Встреча с Краснером меня уже не смущала, и я последовал за стюардессой на «антресоли».

Поднимаясь по ступенькам, отметил про себя, что ткань на её заднице тужилась от тесноты, а ягодицы были сильные, круглые и полные. Из тех, на которых трусы оставляют отметину. Когда одна из ягодиц расслаблялась, вторая набухала и тянула шов на юбке в свою сторону.

В животе у меня возникло знакомое ощущение — будто ход времени нарушился.

— Габриела, — произнёс я, поднимаясь по винтовой лестнице, и дотронулся до её бедра. — Сколько нам ещё лететь?

Она обернулась медленно — как течёт мёд:

— До Москвы? — и посмотрела на свою бронзовую кисть, покрытую выгоревшим пухом и сдавленную ремешком. — До Лондона уже только часа три, и оттуда столько же.

— Вот как! — кивнул я. — А в Москве пробудете сколько? Вы лично.

— Полторы суток.

— Вот как! — снова кивнул я.

Мэлвин Стоун лежал на диване у задней стенки запущенного Посольского салона и прислушивался к себе.

Джессика поглаживала ему лоб.

Бертинелли стоял навытяжку в изголовье дивана и — с позолоченной кокардой на фуражке — походил на зажжённую панихидную свечку.

Краснер — тоже с торжественным видом — стоял в изножье.

Было тихо, как в присутствии смерти. Возникло странное ощущение знакомства с неопознанным пока гнусным чувством, которое эта сцена разбередила во мне.

— Гена, — сказал я таким тоном, как если бы не начал, а продолжал с ним разговаривать. — Думаешь — это серьёзно? Только бы не умер! Это ужасно — в дороге!

— Если вытянет, скажи ему, чтоб больше не прыгал.

— «Если вытянет»? — испугался я.

— А если нет, говорить не надо: сам догадается.

— «Сам»?!

— Что это с тобой? Я говорю в твоём же стиле! Ладно, отойди в сторону. Тебе смотреть не надо… Отойди вот к окну… За этими коробками…

Я решил закончить с ним разговор:

— Габриела, а что в этих коробках?

— Это техника для нашего посольства… Американского.

Я протянул Краснеру флакон, и он шагнул к Стоуну, а Бертинелли, бросив на меня кислый взгляд, удалился вместе с Габриелой.

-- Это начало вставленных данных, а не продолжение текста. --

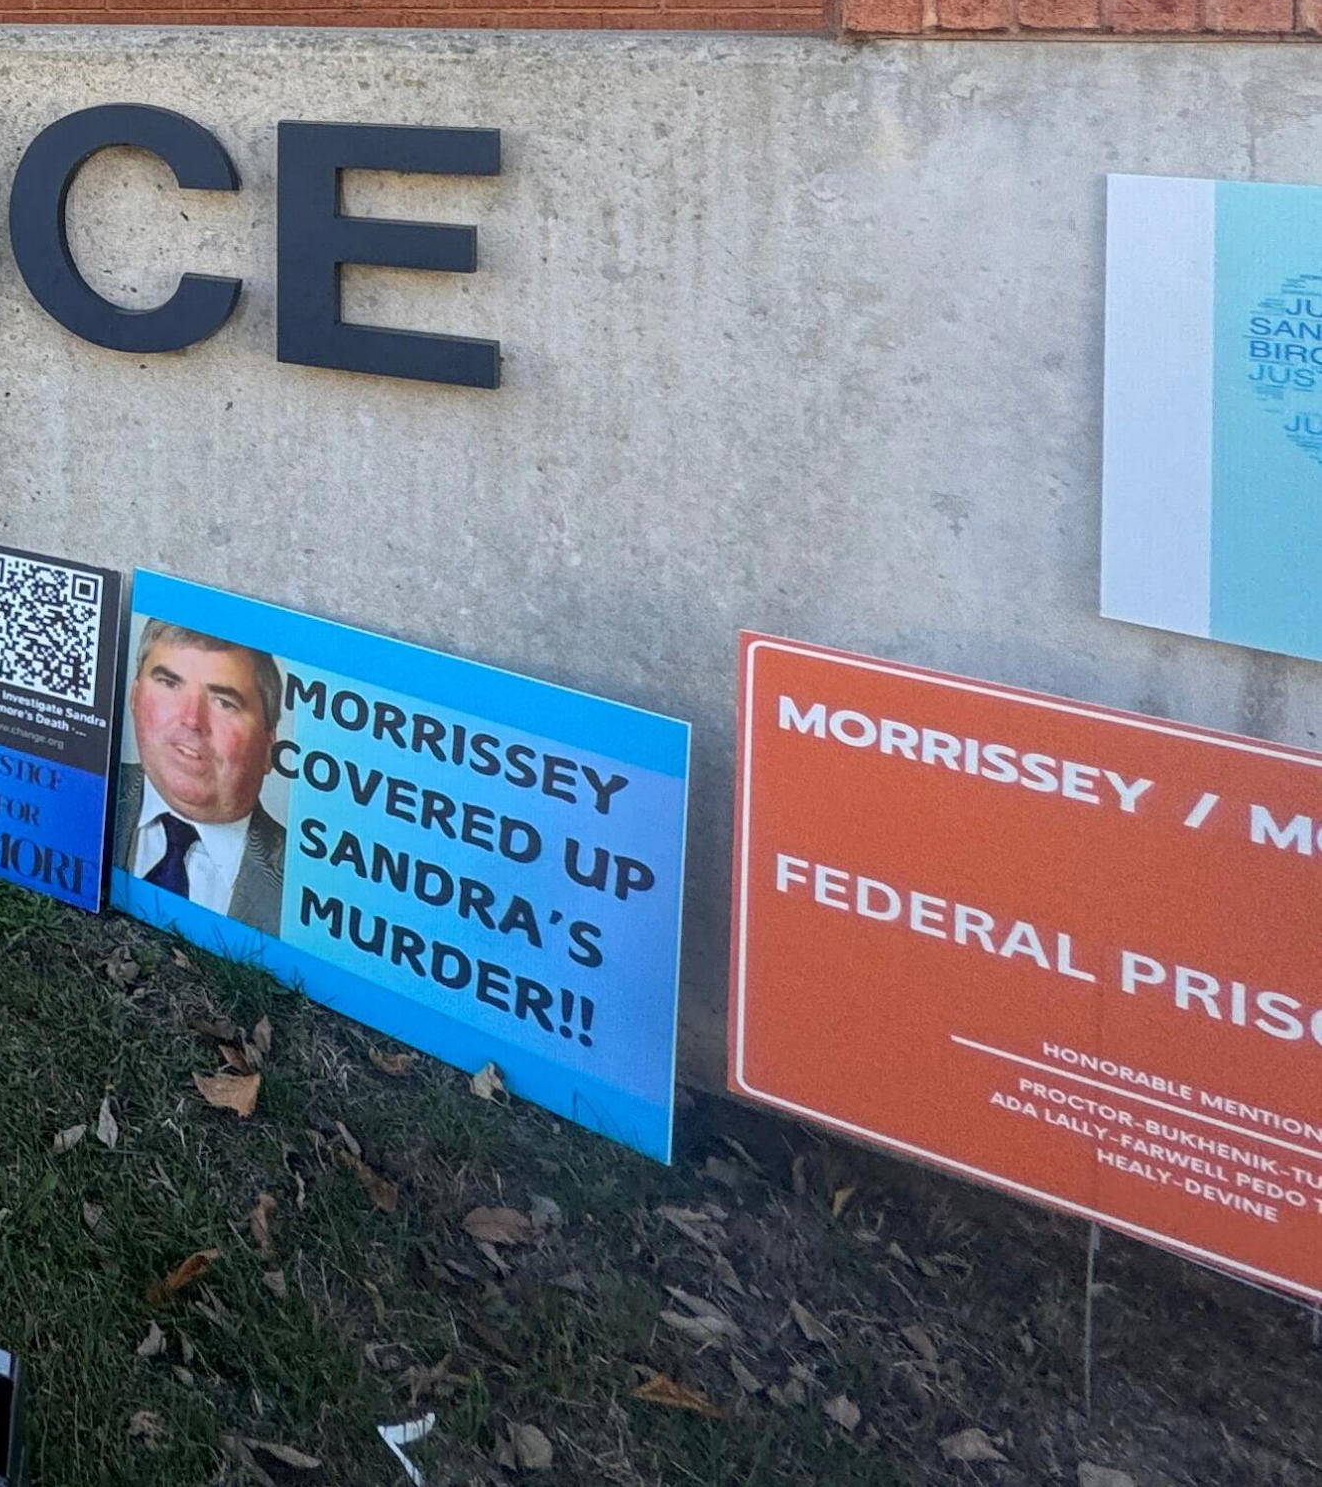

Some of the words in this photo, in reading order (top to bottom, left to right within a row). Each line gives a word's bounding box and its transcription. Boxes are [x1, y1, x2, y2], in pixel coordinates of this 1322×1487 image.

Я не знал куда себя деть. Вниз, в своё кресло, мне не хотелось. Было ощущение, будто случилось такое, после чего бытие — в его сиюминутном облике — не может не раздражать. Поначалу это чувство было смутным, но теперь уже, глядя со стороны на покрытого пледом и запуганного Стоуна, на пригнувшиеся над ним фигуры Джессики и Краснера в окружении картонных коробок и дребезжащих стен салона с ободранными обоями, посреди разбросанных на полу стаканов и журналов, — теперь уже было ясно, что мною овладевало то гнетущее ощущение неуютности существования, которое возникает когда вторжение призрака смерти кажется неуместным. Как во времени, так и в пространстве.

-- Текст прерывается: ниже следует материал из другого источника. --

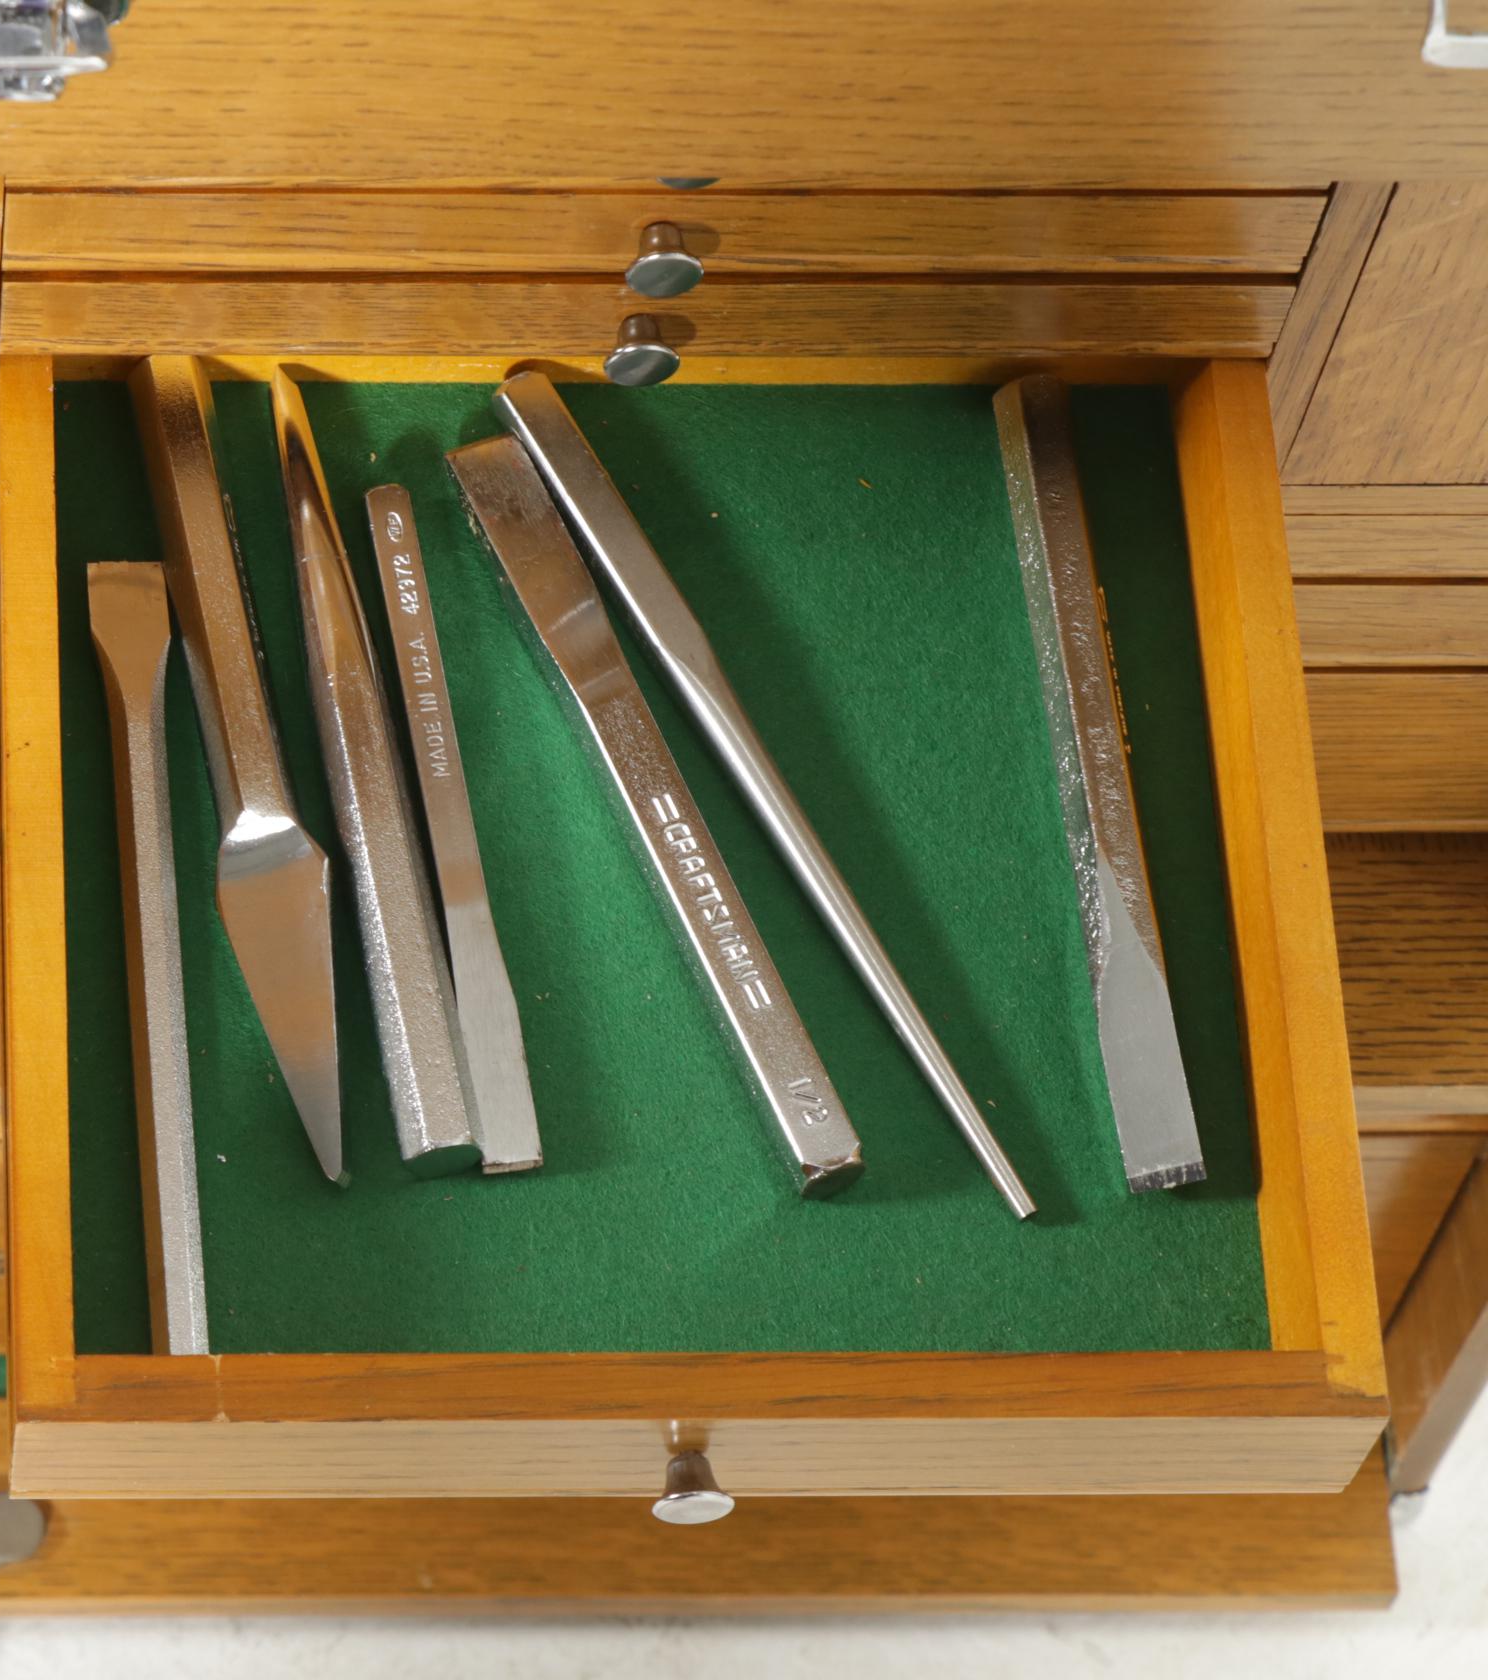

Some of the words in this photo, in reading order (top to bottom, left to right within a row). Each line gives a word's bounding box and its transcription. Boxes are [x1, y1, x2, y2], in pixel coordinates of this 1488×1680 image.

[417, 692, 439, 713] IN
[423, 720, 452, 778] MADE
[787, 1077, 829, 1126] 1/2
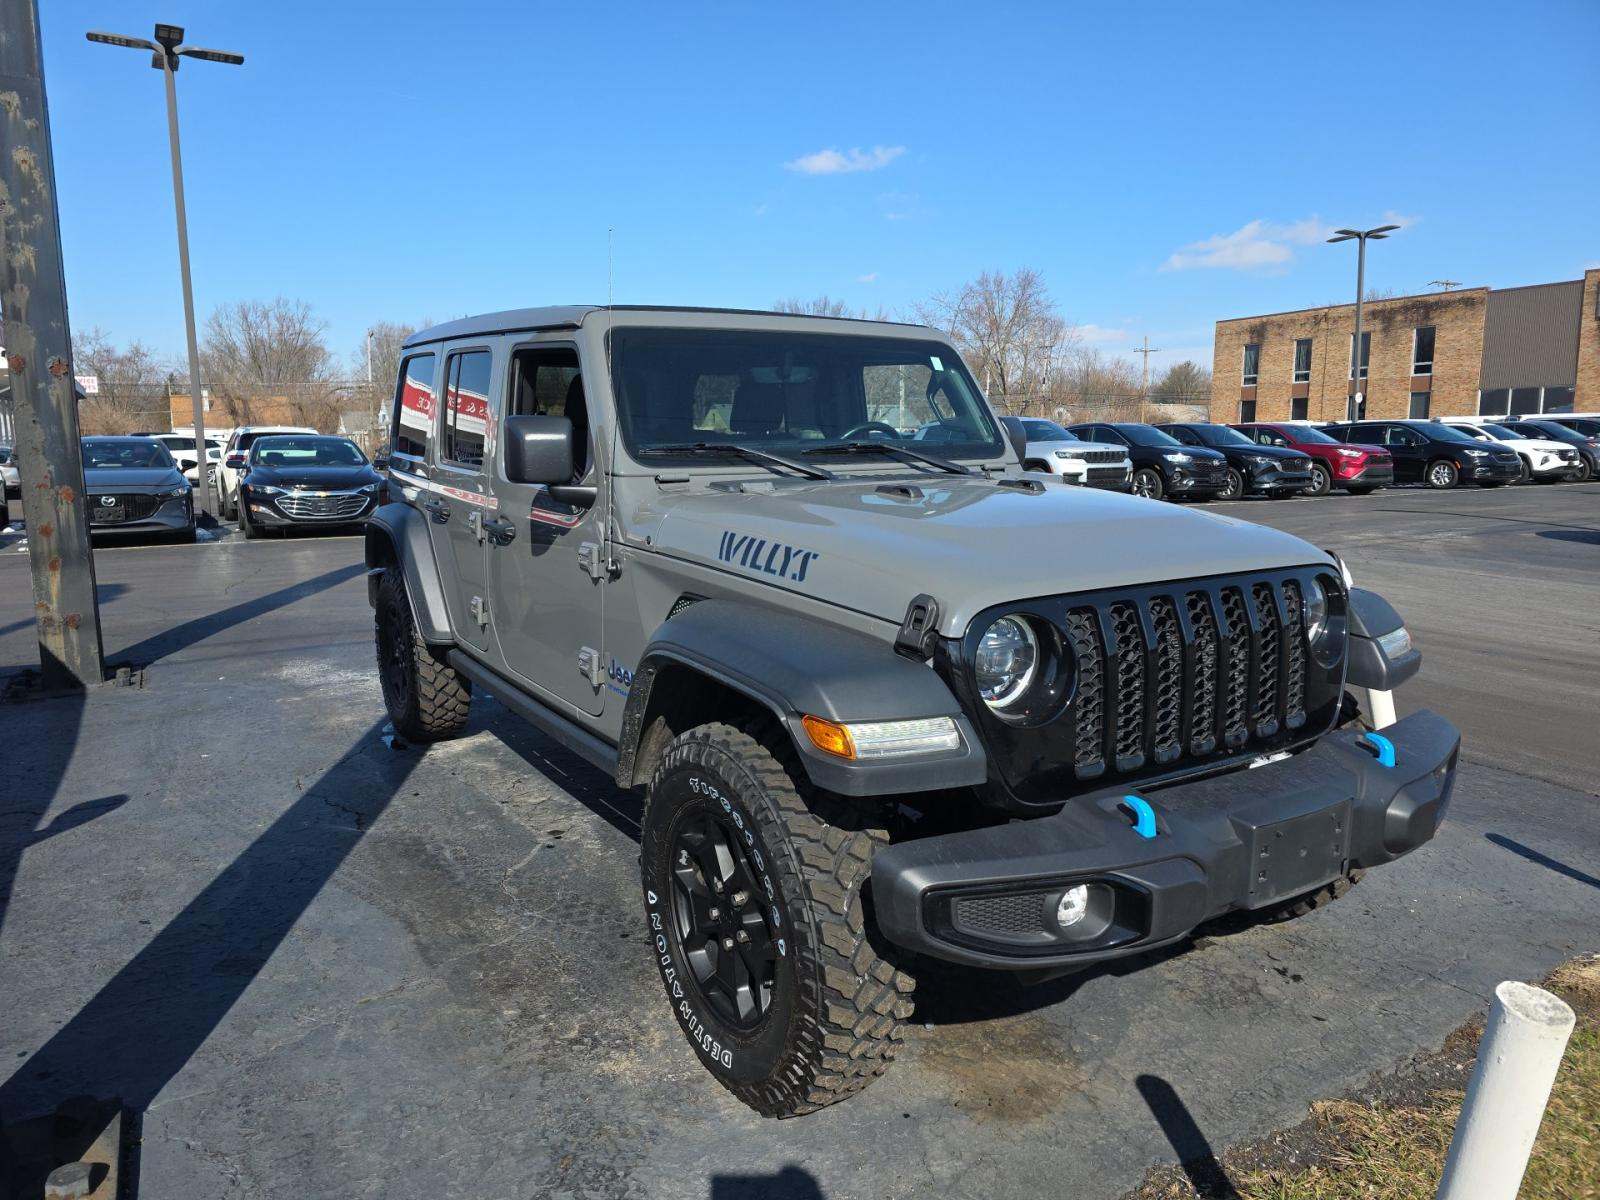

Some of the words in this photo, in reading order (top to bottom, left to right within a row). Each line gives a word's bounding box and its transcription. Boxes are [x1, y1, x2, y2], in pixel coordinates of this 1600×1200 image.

[718, 530, 819, 582] WILLYS
[608, 659, 634, 688] Jee
[650, 913, 733, 1069] DESTINATION

В голову мою вернулась мысль, которую я высказал Краснеру: было бы ужасно, если бы на борту самолёта образовался труп. Мертвец в пути — дурная вещь. Предвестие несдерживаемости всякого зла.

Память стала выталкивать наружу непохожие друг на друга сцены, повязанные меж собой чувством отчуждённости от жизни в присутствии её конца. Обычно подобные образы набухали, как мыльные пузыри на конце трубки, и, не отрываясь от неё, лопались — пока наконец один из этих пузырей не замыкал в себе моё дыхание и, качнувшись, взлетал вверх. Увлекая с собой меня.

В ожидании этих обескураживающих воспоминаний я поспешил к единственному незахламленному креслу.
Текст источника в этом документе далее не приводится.